Segment Open

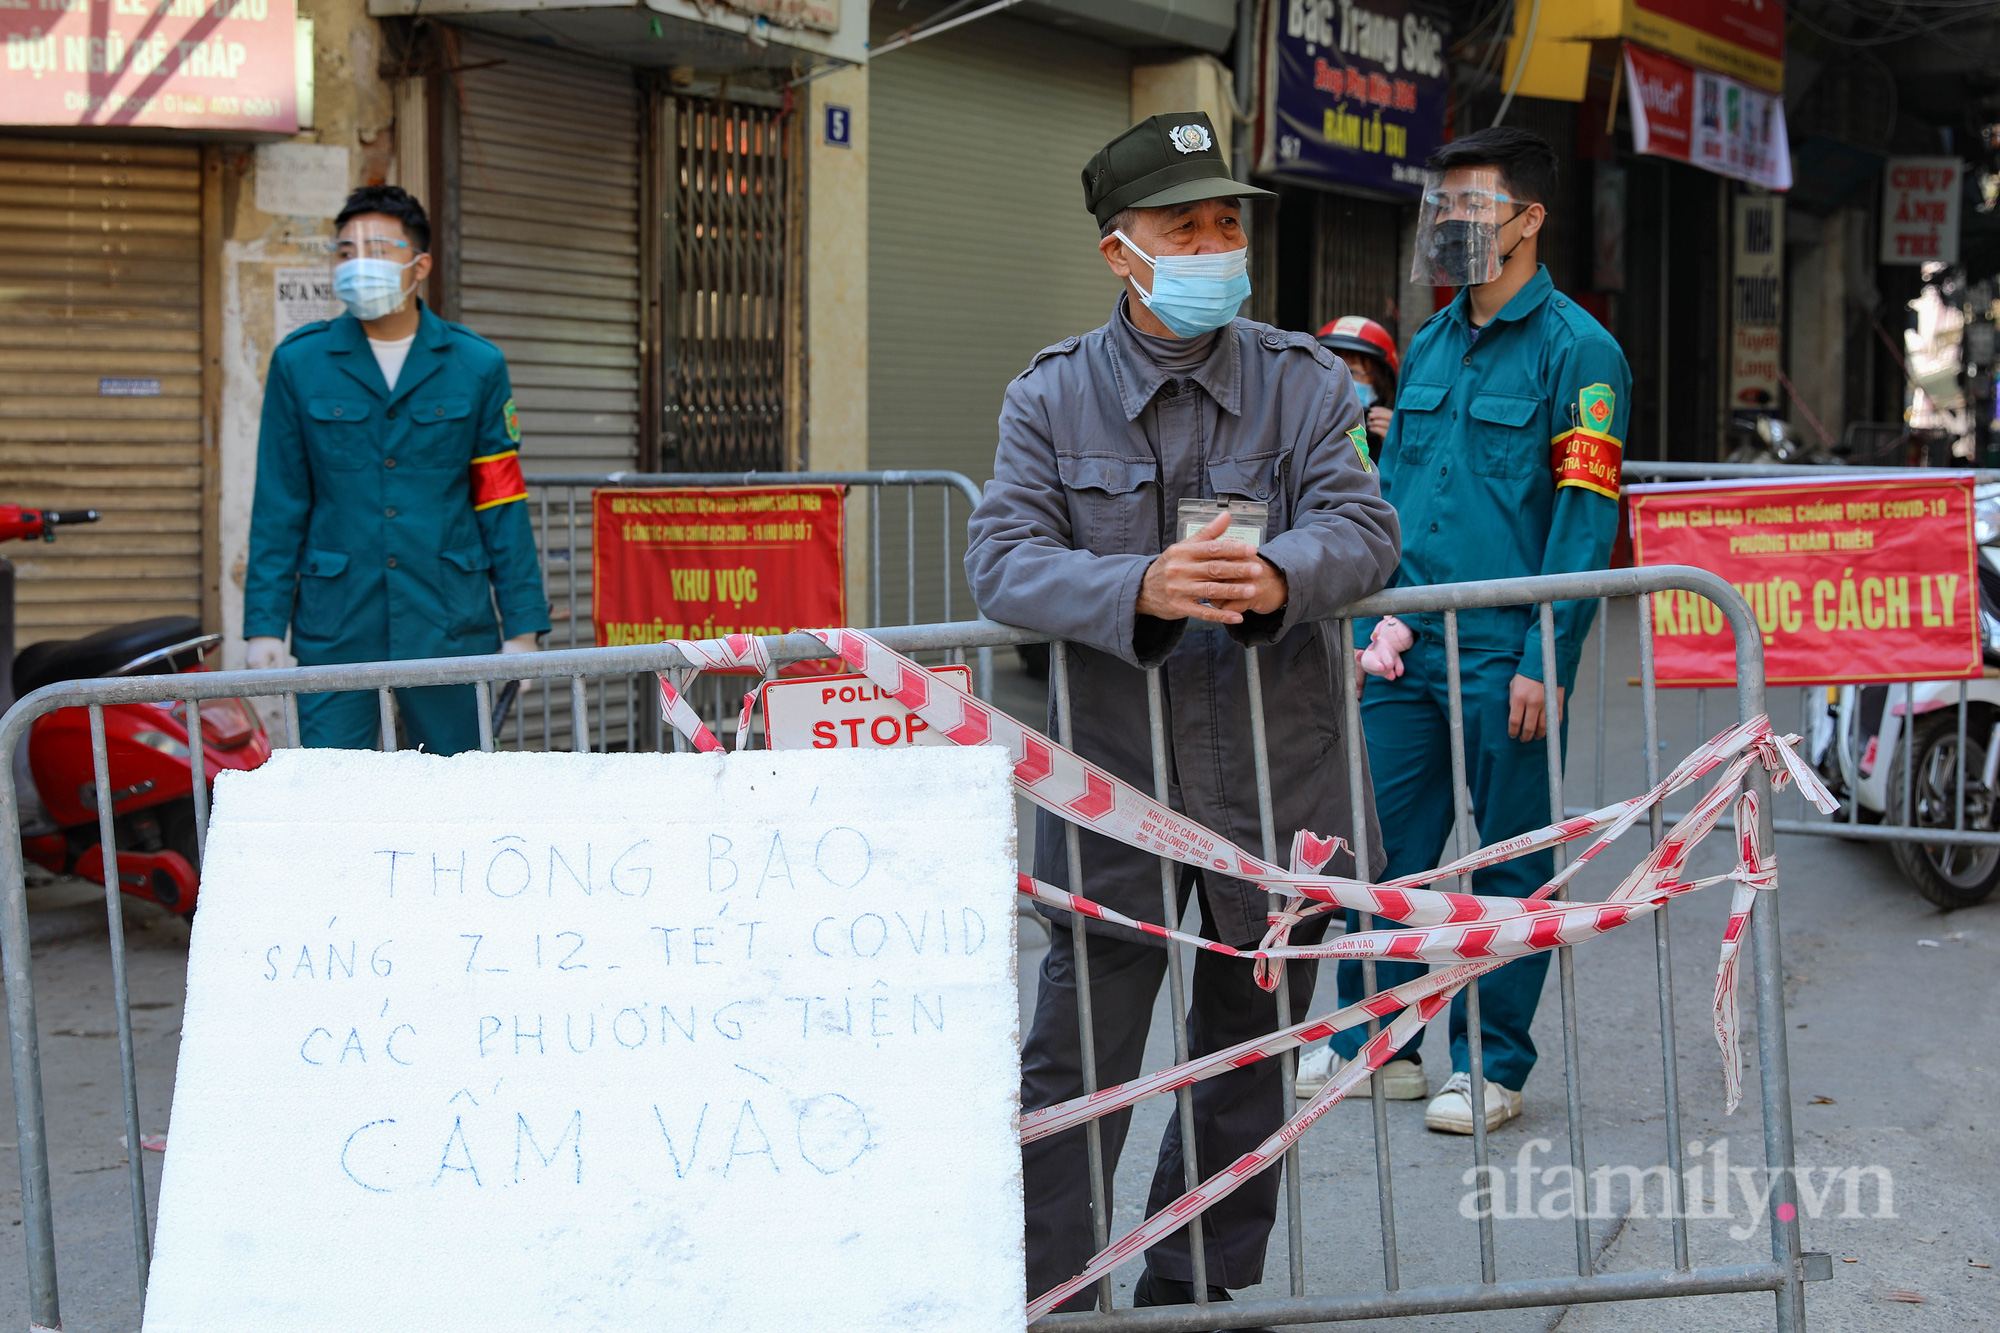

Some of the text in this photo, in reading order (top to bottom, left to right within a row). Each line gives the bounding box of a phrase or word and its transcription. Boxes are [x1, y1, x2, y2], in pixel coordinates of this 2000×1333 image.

[7, 27, 58, 80] ĐỘI
[64, 30, 125, 75] NGŨ
[178, 34, 248, 79] TRÁP
[833, 110, 844, 140] 5
[1891, 166, 1955, 195] CHỤP
[1589, 459, 1605, 478] BẢO
[1657, 511, 1687, 529] BAN
[1745, 504, 1793, 525] PHÒNG
[1796, 498, 1844, 523] CHỐNG
[1882, 498, 1948, 519] COVID-19
[1730, 527, 1875, 554] PHƯỜNG KHÂM THIÊN
[671, 565, 758, 610] KHU VỰC
[1654, 587, 1725, 636] KHU
[1813, 567, 1911, 632] CÁCH
[1920, 574, 1959, 627] LY
[812, 713, 930, 749] STOP
[1140, 820, 1209, 862] NOT ALLOWED AREA
[1146, 808, 1164, 824] KHU
[1164, 817, 1181, 833] VỰC
[373, 785, 873, 899] THÔNG BÁO
[263, 915, 393, 981] SÁNG
[813, 906, 987, 958] COVID
[300, 997, 417, 1066] CÁC
[340, 1062, 872, 1193] CẤM VÀO

Segment Closed

What the exercise asks: In your copy, include every record word for word but no pictures.

Exercise answer:
Some of the text in this photo, in reading order (top to bottom, left to right within a row). Each line gives the bounding box of a phrase or word and its transcription. Boxes are [x1, y1, x2, y2], in pixel coordinates of this 2000×1333 image.

[7, 27, 58, 80] ĐỘI
[64, 30, 125, 75] NGŨ
[178, 34, 248, 79] TRÁP
[833, 110, 844, 140] 5
[1891, 166, 1955, 195] CHỤP
[1589, 459, 1605, 478] BẢO
[1657, 511, 1687, 529] BAN
[1745, 504, 1793, 525] PHÒNG
[1796, 498, 1844, 523] CHỐNG
[1882, 498, 1948, 519] COVID-19
[1730, 527, 1875, 554] PHƯỜNG KHÂM THIÊN
[671, 565, 758, 610] KHU VỰC
[1654, 587, 1725, 636] KHU
[1813, 567, 1911, 632] CÁCH
[1920, 574, 1959, 627] LY
[812, 713, 930, 749] STOP
[1140, 820, 1209, 862] NOT ALLOWED AREA
[1146, 808, 1164, 824] KHU
[1164, 817, 1181, 833] VỰC
[373, 785, 873, 899] THÔNG BÁO
[263, 915, 393, 981] SÁNG
[813, 906, 987, 958] COVID
[300, 997, 417, 1066] CÁC
[340, 1062, 872, 1193] CẤM VÀO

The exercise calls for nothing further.